A strong year across all property sectors has delivered Thakral Holdings an annual net profit after tax of $89.3 million for the year ending June 30, 2006 – an increase of 148% when compared to 2005.
Thakral’s underlying profit, which is excluding property valuations, was $36.3 million for the FY2006 – an increase of 27% over $28.65 million in 2005. At June 30, the group’s annual independent property revaluations resulted in an increase of $94 million or 12% in the value of the group’s investment property portfolio.
The result was generated through an annual revenue increase of 42% from $241 million in 2005 to $342 million in 2006.
“The board wishes to emphasise the significant impact the change in reporting results under AIFRS has and will have on the results of the group,” Thakral’s joint chairman Ted Harris said.

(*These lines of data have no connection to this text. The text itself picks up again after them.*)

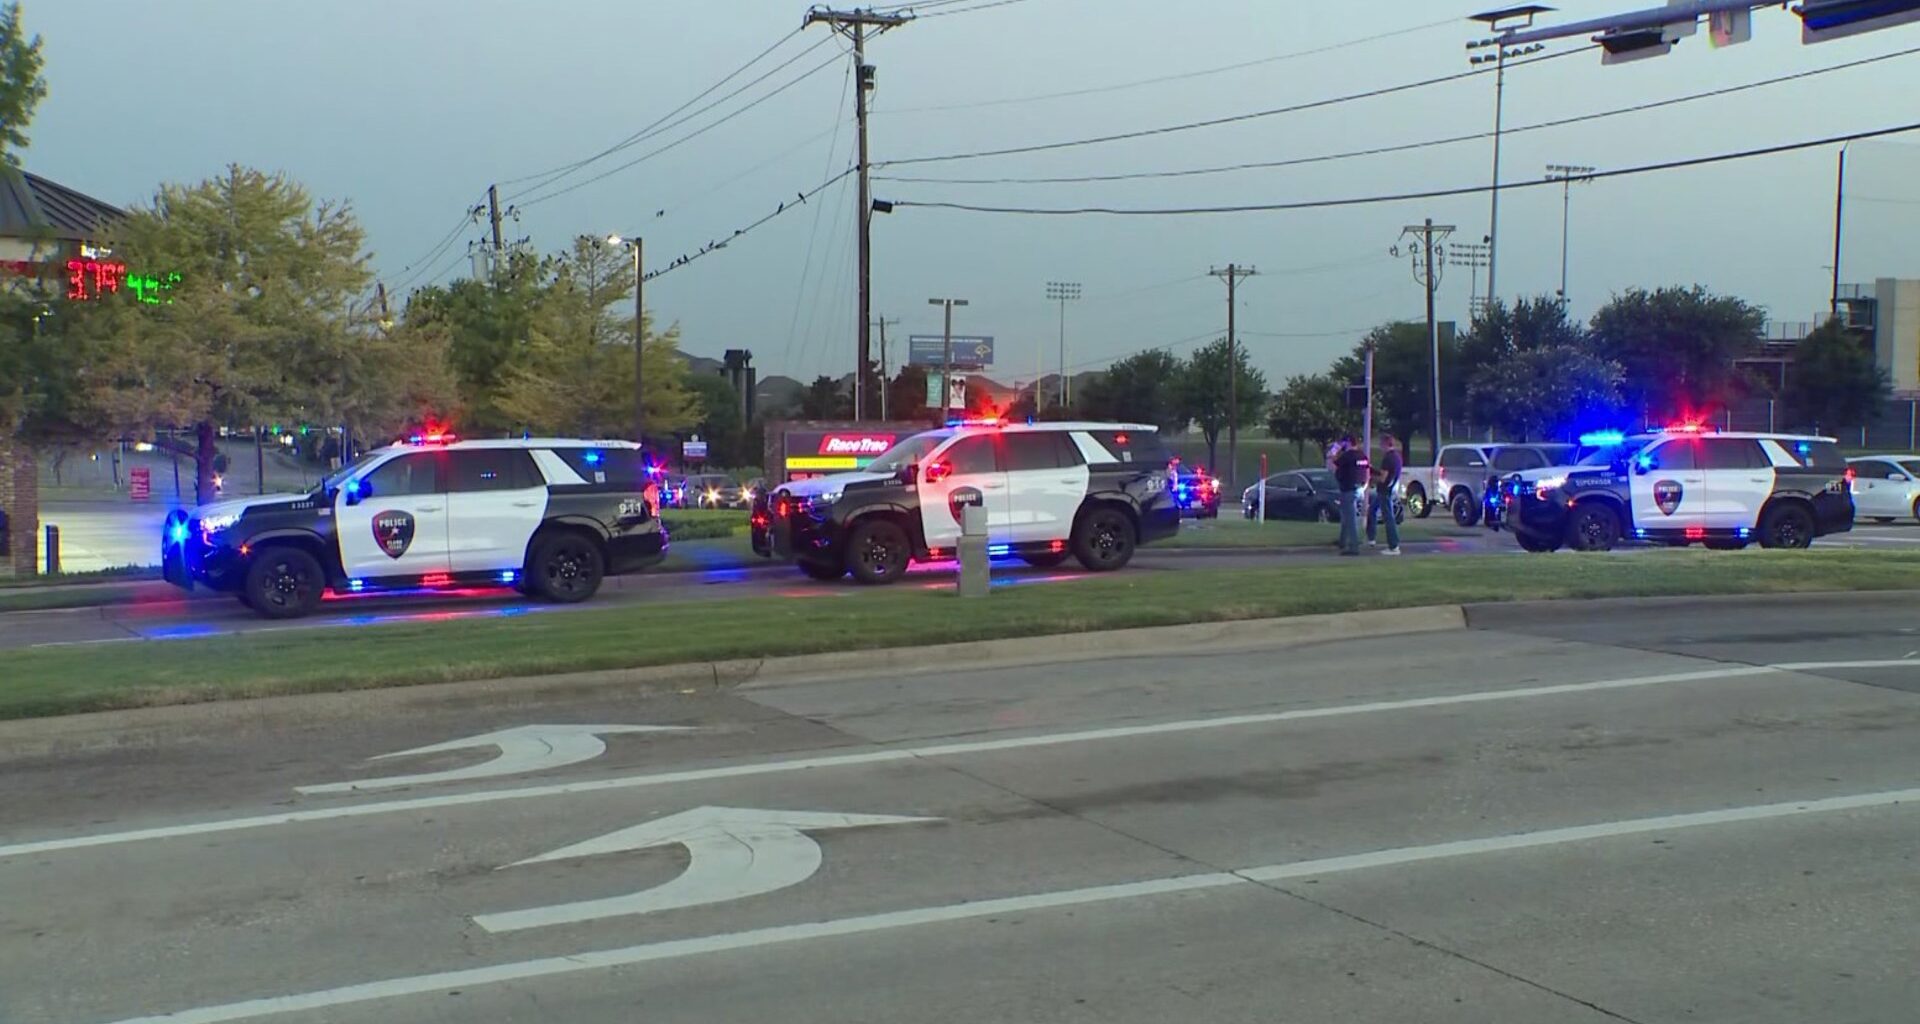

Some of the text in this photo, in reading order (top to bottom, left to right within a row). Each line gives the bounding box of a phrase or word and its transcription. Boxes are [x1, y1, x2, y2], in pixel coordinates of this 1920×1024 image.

[826, 438, 888, 452] RaceTrac
[954, 493, 976, 502] POLICE
[379, 518, 407, 527] POLICE
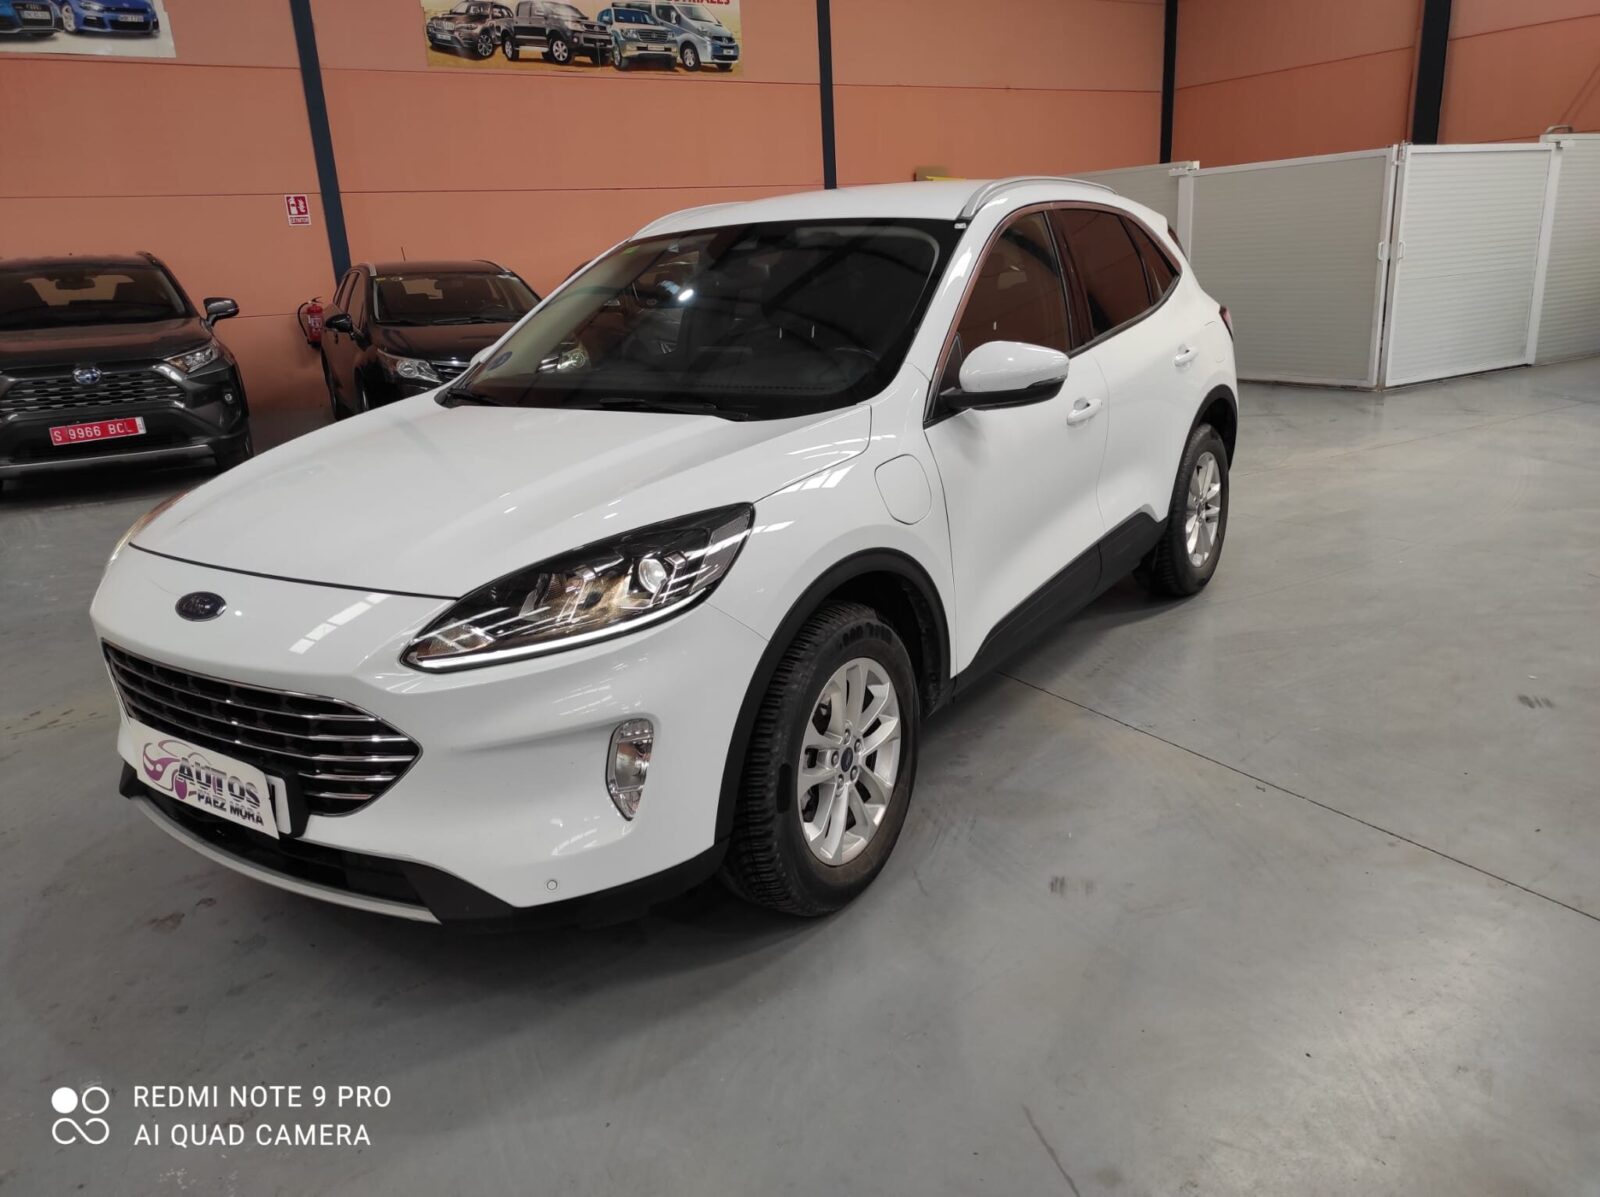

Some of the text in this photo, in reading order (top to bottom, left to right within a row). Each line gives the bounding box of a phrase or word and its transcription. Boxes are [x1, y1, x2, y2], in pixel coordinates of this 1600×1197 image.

[53, 430, 62, 441] S
[68, 426, 101, 439] 9966
[178, 757, 260, 809] AUTOS
[197, 791, 264, 826] PAEZ MORA

“The combined effect of the significant valuation increases flowing through the profit and loss account for the first time coupled with the change in the manner in which profit from the development activities are reported will inevitably lead to greater volatility in Thakral’s annual results. For example, it would be unreasonable to expect this level of valuation increase each year. Further, as previously stated development profits are now reported on a settlement basis resulting in “lumpy” profit recognition,” he added.
Harris said the group is focussed on achieving long term sustained profitability both in terms of capital appreciation and annual distributions.
“Accordingly, the Board urges investors not to place too much emphasis on short term results. Not withstanding this, the change in accounting methodology should not detract from the simple fact that the result is a good one for shareholders, delivering an increase in both annual distributions and net asset backing,” he added.
Thakral’s hotel division contributed $51.1 million, up $5.7 million or 12% on the previous corresponding period.
Across the portfolio, occupancy for the year was down from 78.1% in 2005 to 73.7% in 2006; average rate increased from $138.86 to $157.29.
“Barring unforeseen events, we see strong growth in most markets. Demand for hotel rooms is growing both domestically and from the inbound market, while we see only modest growth in supply over the next three years.
“This still remains our overall view however since that time the performance of hotels, while good, was below our expectations,” Harris said. “Looking forward, we remain confident of improved profits from our hotels. This is primarily as a result of the lack of any substantial growth in supply.”
“Based on these expectations and our own view of the market, Thakral is budgeting for growth in profits from hotels,” he added.
Thakral’s retail and commercial division achieved a profit of $17.9 million, compared to $16.8 million in the previous year an increase of 7%. The improved result was driven by strong increases in Melbourne and at the Oasis Shopping Centre Broadbeach. Offsetting these were reduced returns from Wynyard where the group is seeking to position the Centre for a major redevelopment.
This division represents approximately 20% of operating profit and continues to enjoy generally low vacancy rates.
“Looking forward we are predicting further strong income growth from the Oasis which is benefiting from the major refurbishment that will complete this year. Additionally, we expect a strong contribution from 120 Sussex Street Sydney which will benefit from the tightening office market in Sydney,” Harris said.
Thakral’s property development division contributed $26.9 million, up significantly on the previous period result of $7.3 million.
The largest contributor to this was the 32 storey, Air on Broadbeach development. This project which was constructed over the Thakral owned Oasis Shopping Centre was completed in October 2005.
“Accordingly, while we see a slowing in the rate of sales, we remain confident of ongoing profits from our current portfolio of projects. However based on the expected timing of the projects and the change in accounting treatment to AIFRS, next year’s result from this area is expected to be down on the 2006 result,” Harris said. “The slowing of residential markets will ultimately translate into lower construction prices and more realistic vendor expectations for land sales. Accordingly, Thakral is cautiously optimistic that it has a current book of projects that will continue to deliver and there will be an increasing number of quality opportunities to expand its book.”
“Meanwhile, our work to realise opportunities within our existing portfolio is ongoing. To this end, we remain confident of securing approval for a major re-development of our Wynyard holdings, and are nearing commencement in Melbourne of three residential developments around the Hilton on the Park.
“We expect to see continued strength from the development division in the medium-term.” he added.
Thakrals interest bearing debt to tangible assets has reduced in the period from 46.5% to 42.3%.
Meanwhile, net tangible asset backing per stapled security, based on the full fair value of the assets was 96 cents, up from 80.5 cents at 2005.
“In summary, the group has delivered shareholders a distribution of 6.5 cents and increased the net asset backing per stapled security by 15.5 cents. This is inline with our aim to provide, over an extended period, a reliable income stream while also increasing capital value,” Thakral’s managing director John Hudson said.
“Looking forward, the change to AIFRS and in particular the effect this has on revaluation increments and the timing of profits on development projects make it difficult to predict future results. We are however confident, baring unforeseen events, of increased profits from our hotels and retail and commercial properties,” he concluded.
Thakral has declared a distribution per stapled security of 6.5 cents for FY2006, compared to 6.25 cents in 2005.